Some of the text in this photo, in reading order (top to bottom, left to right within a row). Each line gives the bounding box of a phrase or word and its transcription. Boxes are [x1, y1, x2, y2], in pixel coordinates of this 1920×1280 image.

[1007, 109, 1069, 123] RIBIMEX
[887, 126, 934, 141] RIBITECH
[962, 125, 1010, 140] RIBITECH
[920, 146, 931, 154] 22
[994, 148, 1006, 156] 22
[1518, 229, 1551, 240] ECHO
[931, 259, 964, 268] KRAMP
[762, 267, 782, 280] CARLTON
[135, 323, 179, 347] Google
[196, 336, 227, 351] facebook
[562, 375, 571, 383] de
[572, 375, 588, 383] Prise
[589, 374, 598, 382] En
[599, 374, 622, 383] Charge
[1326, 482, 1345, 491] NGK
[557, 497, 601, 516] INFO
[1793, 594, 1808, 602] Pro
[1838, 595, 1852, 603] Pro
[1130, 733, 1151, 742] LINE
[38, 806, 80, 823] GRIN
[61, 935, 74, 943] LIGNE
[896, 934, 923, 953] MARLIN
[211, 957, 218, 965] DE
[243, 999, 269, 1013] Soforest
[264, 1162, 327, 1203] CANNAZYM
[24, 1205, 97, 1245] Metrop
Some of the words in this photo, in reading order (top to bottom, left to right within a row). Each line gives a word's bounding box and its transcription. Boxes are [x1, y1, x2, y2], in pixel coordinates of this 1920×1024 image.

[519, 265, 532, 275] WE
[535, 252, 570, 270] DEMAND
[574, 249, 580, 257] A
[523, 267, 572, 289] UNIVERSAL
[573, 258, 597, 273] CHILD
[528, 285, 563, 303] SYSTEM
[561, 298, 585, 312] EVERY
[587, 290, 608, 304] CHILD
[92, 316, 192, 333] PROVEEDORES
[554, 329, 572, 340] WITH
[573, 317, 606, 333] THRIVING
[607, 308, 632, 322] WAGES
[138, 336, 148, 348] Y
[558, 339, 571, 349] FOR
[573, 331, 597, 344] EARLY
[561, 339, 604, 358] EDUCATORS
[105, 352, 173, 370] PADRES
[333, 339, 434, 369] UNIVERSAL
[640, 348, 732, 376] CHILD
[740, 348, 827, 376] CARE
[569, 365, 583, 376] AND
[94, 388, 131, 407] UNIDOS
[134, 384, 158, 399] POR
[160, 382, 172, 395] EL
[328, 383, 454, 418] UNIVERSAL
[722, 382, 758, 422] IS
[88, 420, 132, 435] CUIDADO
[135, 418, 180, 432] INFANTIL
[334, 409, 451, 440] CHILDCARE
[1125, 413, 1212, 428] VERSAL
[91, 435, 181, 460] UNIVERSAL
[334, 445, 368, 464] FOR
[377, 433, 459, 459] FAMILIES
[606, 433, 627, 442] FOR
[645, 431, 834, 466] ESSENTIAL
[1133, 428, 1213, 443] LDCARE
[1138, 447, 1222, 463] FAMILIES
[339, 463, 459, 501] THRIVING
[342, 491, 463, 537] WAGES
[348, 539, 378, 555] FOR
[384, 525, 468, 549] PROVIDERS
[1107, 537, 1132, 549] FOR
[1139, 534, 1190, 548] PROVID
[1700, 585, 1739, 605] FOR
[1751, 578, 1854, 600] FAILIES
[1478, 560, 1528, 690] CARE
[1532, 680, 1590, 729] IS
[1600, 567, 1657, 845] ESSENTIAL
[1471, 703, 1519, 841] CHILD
▬▬▬▬▬▬▬▬▬▬
ACTIVITY. At the line with "Some of the words", start returning lines exactly, and stop after the final line of the listing.

THE COMPLETED TASK.
Some of the words in this photo, in reading order (top to bottom, left to right within a row). Each line gives a word's bounding box and its transcription. Boxes are [x1, y1, x2, y2], in pixel coordinates of this 1920×1024 image.

[519, 265, 532, 275] WE
[535, 252, 570, 270] DEMAND
[574, 249, 580, 257] A
[523, 267, 572, 289] UNIVERSAL
[573, 258, 597, 273] CHILD
[528, 285, 563, 303] SYSTEM
[561, 298, 585, 312] EVERY
[587, 290, 608, 304] CHILD
[92, 316, 192, 333] PROVEEDORES
[554, 329, 572, 340] WITH
[573, 317, 606, 333] THRIVING
[607, 308, 632, 322] WAGES
[138, 336, 148, 348] Y
[558, 339, 571, 349] FOR
[573, 331, 597, 344] EARLY
[561, 339, 604, 358] EDUCATORS
[105, 352, 173, 370] PADRES
[333, 339, 434, 369] UNIVERSAL
[640, 348, 732, 376] CHILD
[740, 348, 827, 376] CARE
[569, 365, 583, 376] AND
[94, 388, 131, 407] UNIDOS
[134, 384, 158, 399] POR
[160, 382, 172, 395] EL
[328, 383, 454, 418] UNIVERSAL
[722, 382, 758, 422] IS
[88, 420, 132, 435] CUIDADO
[135, 418, 180, 432] INFANTIL
[334, 409, 451, 440] CHILDCARE
[1125, 413, 1212, 428] VERSAL
[91, 435, 181, 460] UNIVERSAL
[334, 445, 368, 464] FOR
[377, 433, 459, 459] FAMILIES
[606, 433, 627, 442] FOR
[645, 431, 834, 466] ESSENTIAL
[1133, 428, 1213, 443] LDCARE
[1138, 447, 1222, 463] FAMILIES
[339, 463, 459, 501] THRIVING
[342, 491, 463, 537] WAGES
[348, 539, 378, 555] FOR
[384, 525, 468, 549] PROVIDERS
[1107, 537, 1132, 549] FOR
[1139, 534, 1190, 548] PROVID
[1700, 585, 1739, 605] FOR
[1751, 578, 1854, 600] FAILIES
[1478, 560, 1528, 690] CARE
[1532, 680, 1590, 729] IS
[1600, 567, 1657, 845] ESSENTIAL
[1471, 703, 1519, 841] CHILD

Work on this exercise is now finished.